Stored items
◇ ◇ ◇ ◇ ◇

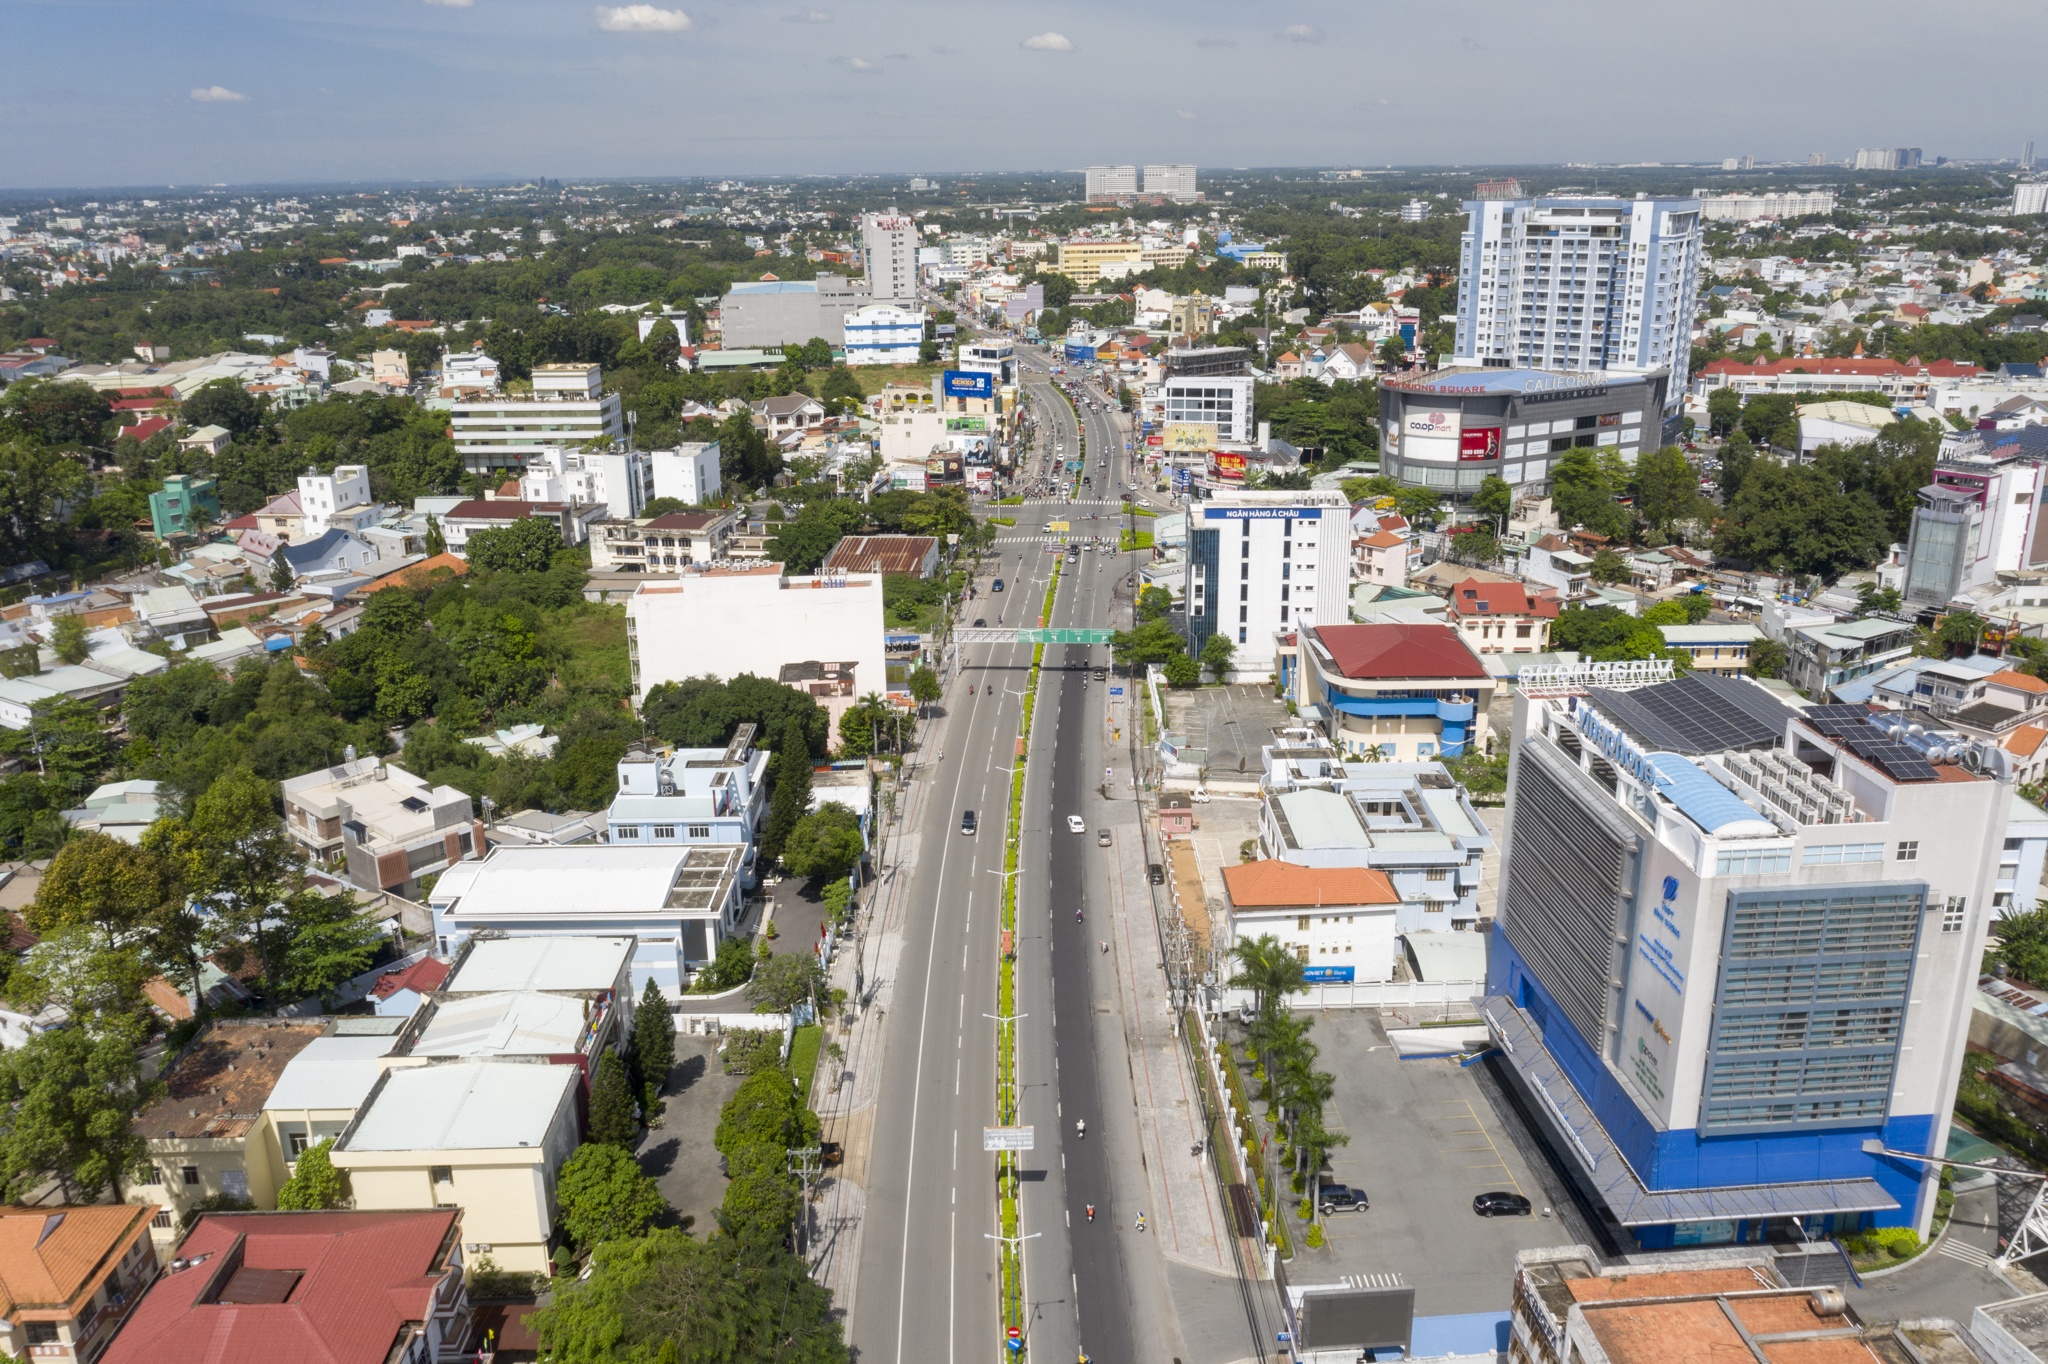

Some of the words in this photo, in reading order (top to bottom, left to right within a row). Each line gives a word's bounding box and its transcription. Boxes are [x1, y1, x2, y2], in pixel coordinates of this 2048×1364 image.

[1525, 372, 1608, 392] CALIFORNIA
[1440, 385, 1486, 393] SQUARE
[1226, 509, 1248, 517] NGÂN
[1272, 509, 1277, 517] Á
[1278, 509, 1299, 517] CHÂU
[823, 579, 846, 588] SHB
[1578, 706, 1657, 787] vinaphone
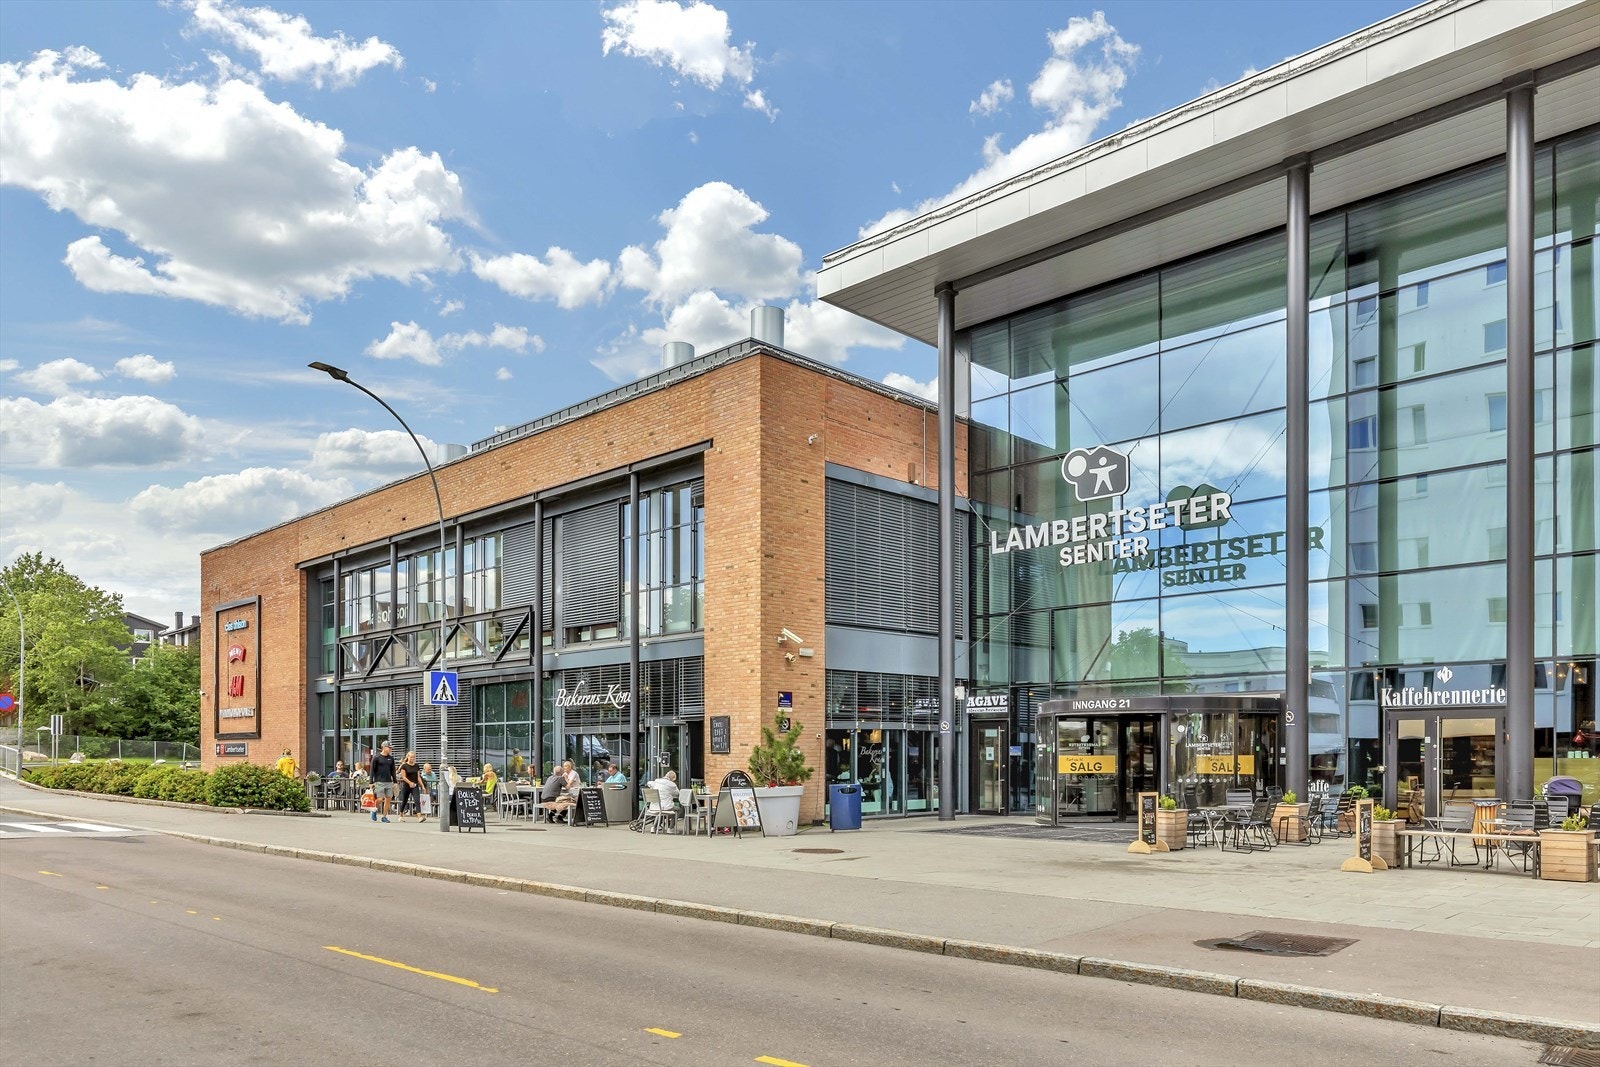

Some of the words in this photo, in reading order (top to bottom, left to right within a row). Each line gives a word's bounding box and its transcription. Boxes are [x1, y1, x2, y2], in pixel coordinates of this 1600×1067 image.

[990, 491, 1232, 555] LAMBERTSETER
[1059, 536, 1149, 567] SENTER
[1162, 562, 1247, 588] SENTER
[555, 680, 600, 707] Bakerens
[966, 695, 1008, 707] AGAVE
[1072, 699, 1117, 710] INNGANG
[1118, 699, 1131, 708] 21
[1070, 762, 1103, 772] SALG
[464, 798, 480, 808] FEST
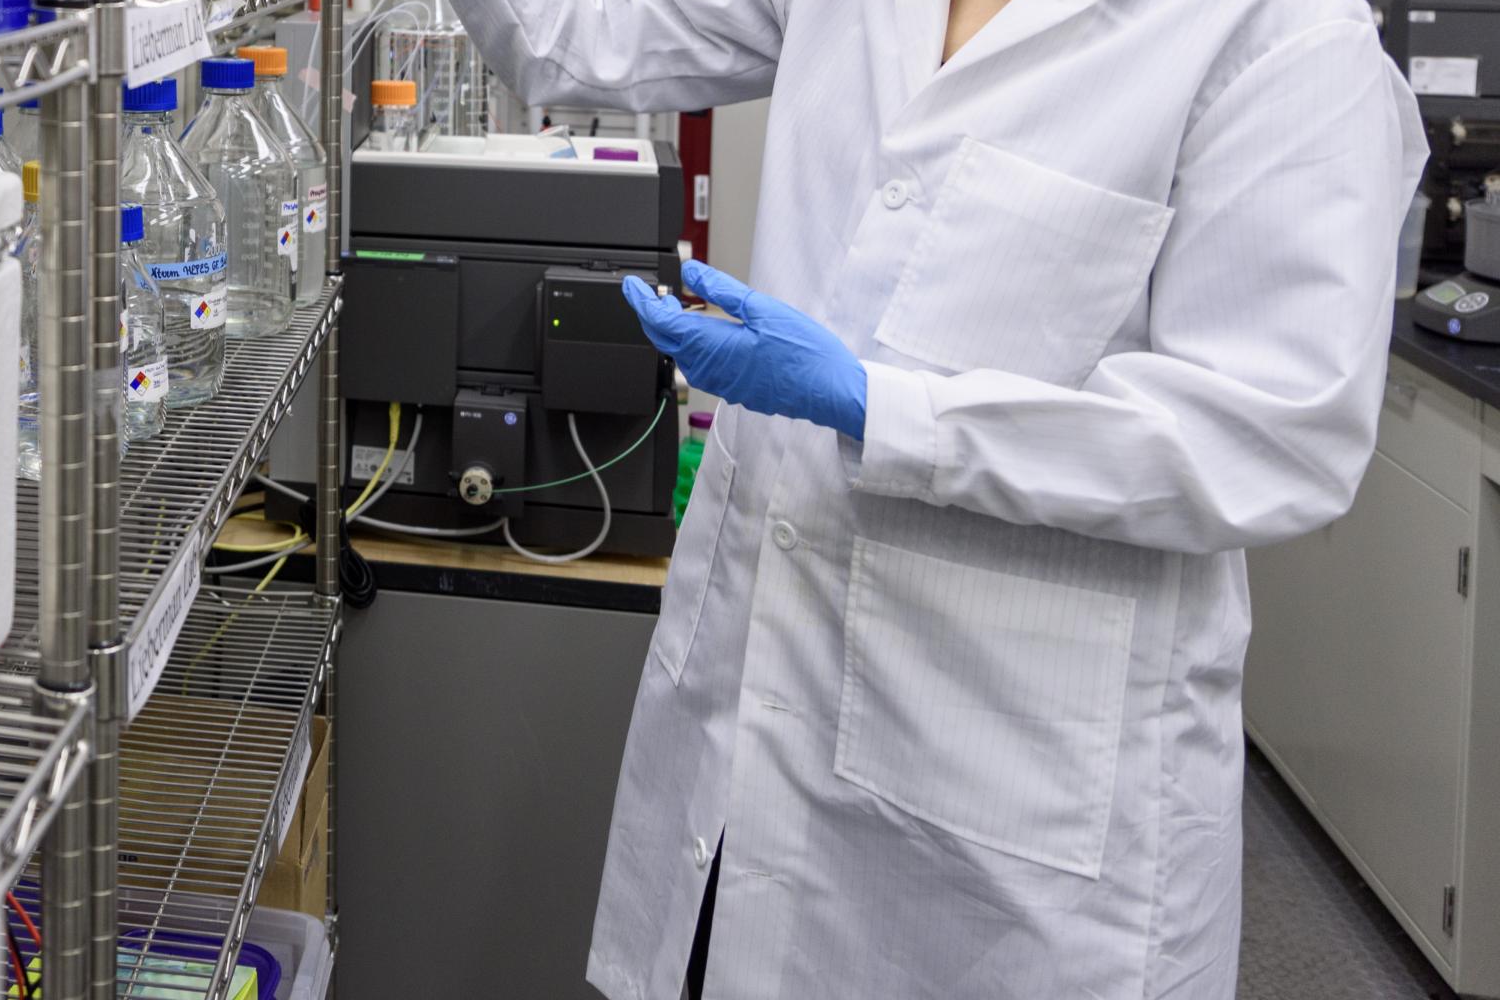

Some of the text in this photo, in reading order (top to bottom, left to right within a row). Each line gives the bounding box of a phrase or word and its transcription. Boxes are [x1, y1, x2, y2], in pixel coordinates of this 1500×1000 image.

[131, 21, 188, 69] Lieberman
[183, 262, 210, 276] HEPES
[131, 584, 183, 700] Lieberman

◇ ◇ ◇ ◇ ◇

Your output must match the records word for word, apart from the images, which are left out.

Some of the words in this photo, in reading order (top to bottom, left to right within a row). Each line gives a word's bounding box and its transcription. Boxes are [x1, y1, x2, y2], in pixel coordinates of this 2048×1364 image.

[1525, 372, 1608, 392] CALIFORNIA
[1440, 385, 1486, 393] SQUARE
[1226, 509, 1248, 517] NGÂN
[1272, 509, 1277, 517] Á
[1278, 509, 1299, 517] CHÂU
[823, 579, 846, 588] SHB
[1578, 706, 1657, 787] vinaphone

Some of the words in this photo, in reading order (top to bottom, left to right within a row). Each line gives a word's bounding box and its transcription. Boxes are [x1, y1, x2, y2], in pixel coordinates of this 1600×1067 image.

[990, 491, 1232, 555] LAMBERTSETER
[1059, 536, 1149, 567] SENTER
[1162, 562, 1247, 588] SENTER
[555, 680, 600, 707] Bakerens
[966, 695, 1008, 707] AGAVE
[1072, 699, 1117, 710] INNGANG
[1118, 699, 1131, 708] 21
[1070, 762, 1103, 772] SALG
[464, 798, 480, 808] FEST

Some of the text in this photo, in reading order (top to bottom, left to right within a row). Each line gives the bounding box of a phrase or word and its transcription. Boxes are [x1, y1, x2, y2], in pixel coordinates of this 1500×1000 image.

[131, 21, 188, 69] Lieberman
[183, 262, 210, 276] HEPES
[131, 584, 183, 700] Lieberman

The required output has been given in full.